Trailhead parking can be found in Parker Dam State Park on Fairview Rd. It is required that you register at the State Park office if you plan on using this trailhead. There is no charge the park just wants to know what cars are supposed to be parked there. If the office is not open there is a drop box to fill out your registration form. 

Following the Trail

The Quehanna Trail is a 75 mile loop, meaning you will start and end at the same place. There is no dedicated direction of travel, but the maps are laid out with the intent that you travel counterclockwise. This is the way I followed on my trip. I arrived a little later than I originally planned due to heavy rains and the nearly 4 hour drive from home. I hit the trail around 10am. I had already hiked the first 5-ish miles a few years earlier so I knew what to expect up that point. I also know that more rain was likely for day 1 a Thursday and that a bigger storm was moving in for Sunday and Monday.

The trail was very well marked with very few exceptions. On the rare occasion I lost the blaze it was pretty easy to get back on track. Day 1 one was fairly easy with only a couple decent climbs, I made about 12.5 miles before the weather rolled back in and I made camp. I only saw 1 group out all of day 1, two guys from Ohio who were attempting the entire hike in 4 days. We played leap-frog up until the end of day 1 when they passed me about a mile before I stopped for camp.

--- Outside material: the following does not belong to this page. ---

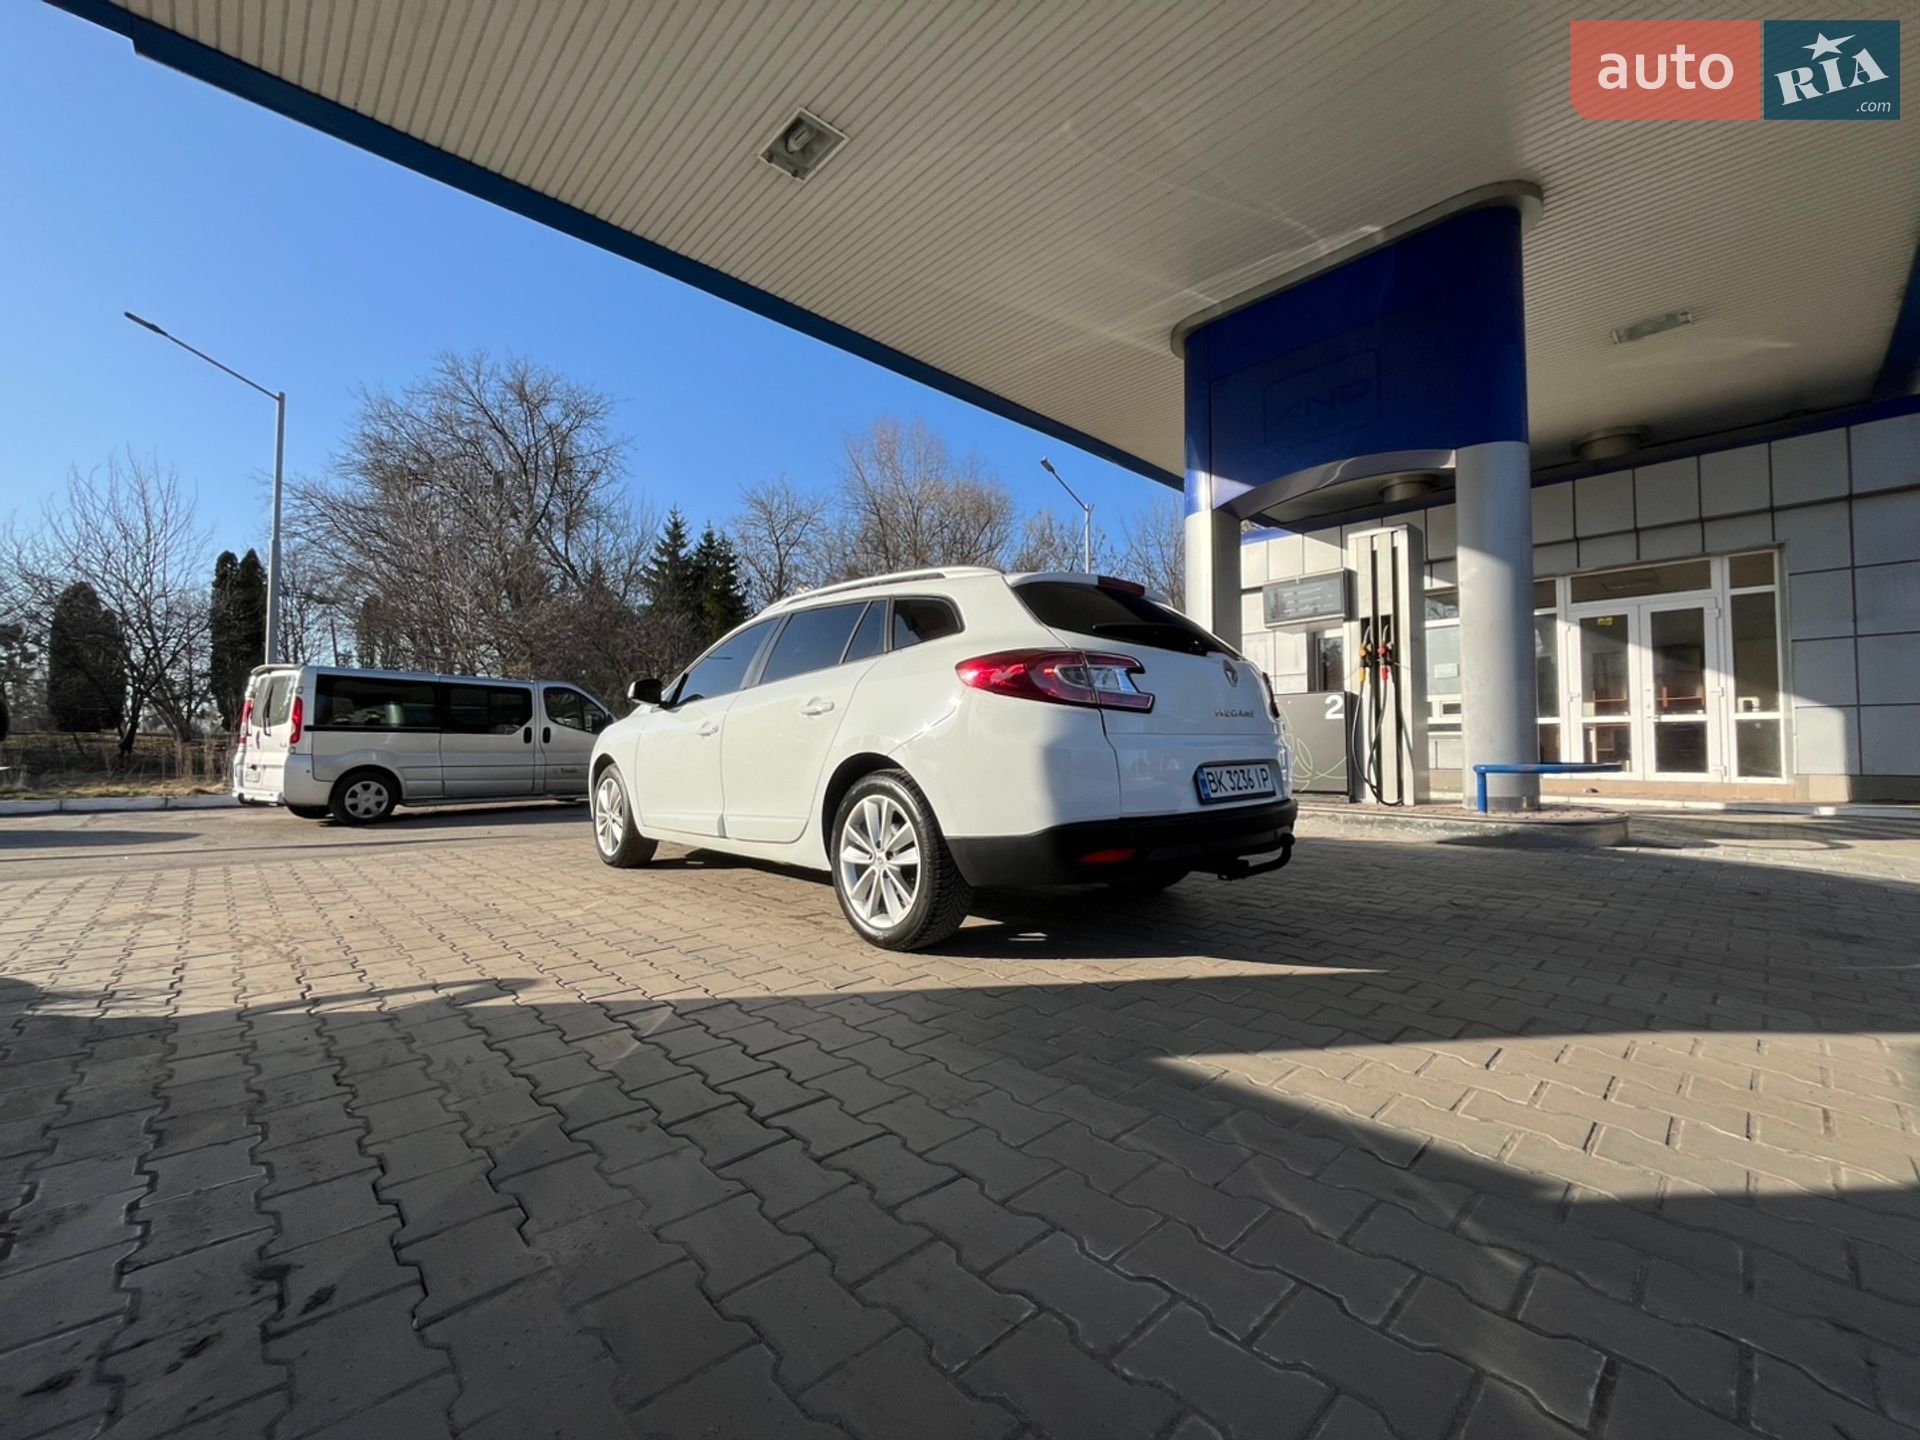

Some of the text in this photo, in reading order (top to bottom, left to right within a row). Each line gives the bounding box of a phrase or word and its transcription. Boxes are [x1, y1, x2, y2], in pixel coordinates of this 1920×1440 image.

[1325, 694, 1344, 720] 2
[1206, 771, 1228, 793] BK
[1226, 768, 1255, 791] 3236

I was in no hurry and was prepared to stay out for up to 7 days if the weather allowed. I really wanted a nice long trek thru the PA wilds.

You've got to enjoy solitude.

On day 2 I passed the two guys from Ohio a couple miles out of camp. I didn't actually see them, they were still in their tents... and I didn't see them again throughout my trip. I did pass a group of local hunters who were just out for a hike a little while later but that was it for day 2. The Quehanna Trail is so big, that even if anyone else is out there you probably won't see them. I'm OK with that as I enjoy solo trips, but if you like running into other hikers to keep your morale up... be aware, this is not the trail for that.

I entered the Quehanna Wild Area on day 2. It's the largest wild area in the state and it sits in the heart of the 2,000,000 acre PA Wilds. You only cross 2 paved roads during the entire 75 miles - the Quehanna Highway (twice) and Wykoff Run Rd. You don't even come close to any towns either, some of the only signs of civilization you'll see are hunt camps you'll sporadically pass. There are several dirt forest roads you cross however.

I covered almost 16 miles on day 2, the terrain was fairly mild with a few climbs and descents but terribly difficult. The exception being the water crossing at Mosquito Creek, one of the craziest downed-tree-as-a-bridge crossings I've ever seen. I knew that was about to change as the trail was about to leave the southern end of the loop and start to turn northwards into more rugged terrain on day 3.

The last human contact for the trip.

On day 3, only about a mile out of camp I passed another occupied camp. They too, like the previous morning, were still in their tent - so I passed by quietly. I was waking up about 5:30am and hitting trail at around 7am, first light. This was September so I only had about 10 or so hours of usable light and I was trying to make the most of it. While this trial doesn't offer many stunning vistas the different ecosystems you travel through are where I think it's beauty shines. Watching the forest change throughout the day as you go from plateau to draft and back again is stunning. As I started the turn north at the eastern most edge of the loop the terrain changes and becomes more rugged. The climbs become longer and the trails going into and out of the drafts become rockier. 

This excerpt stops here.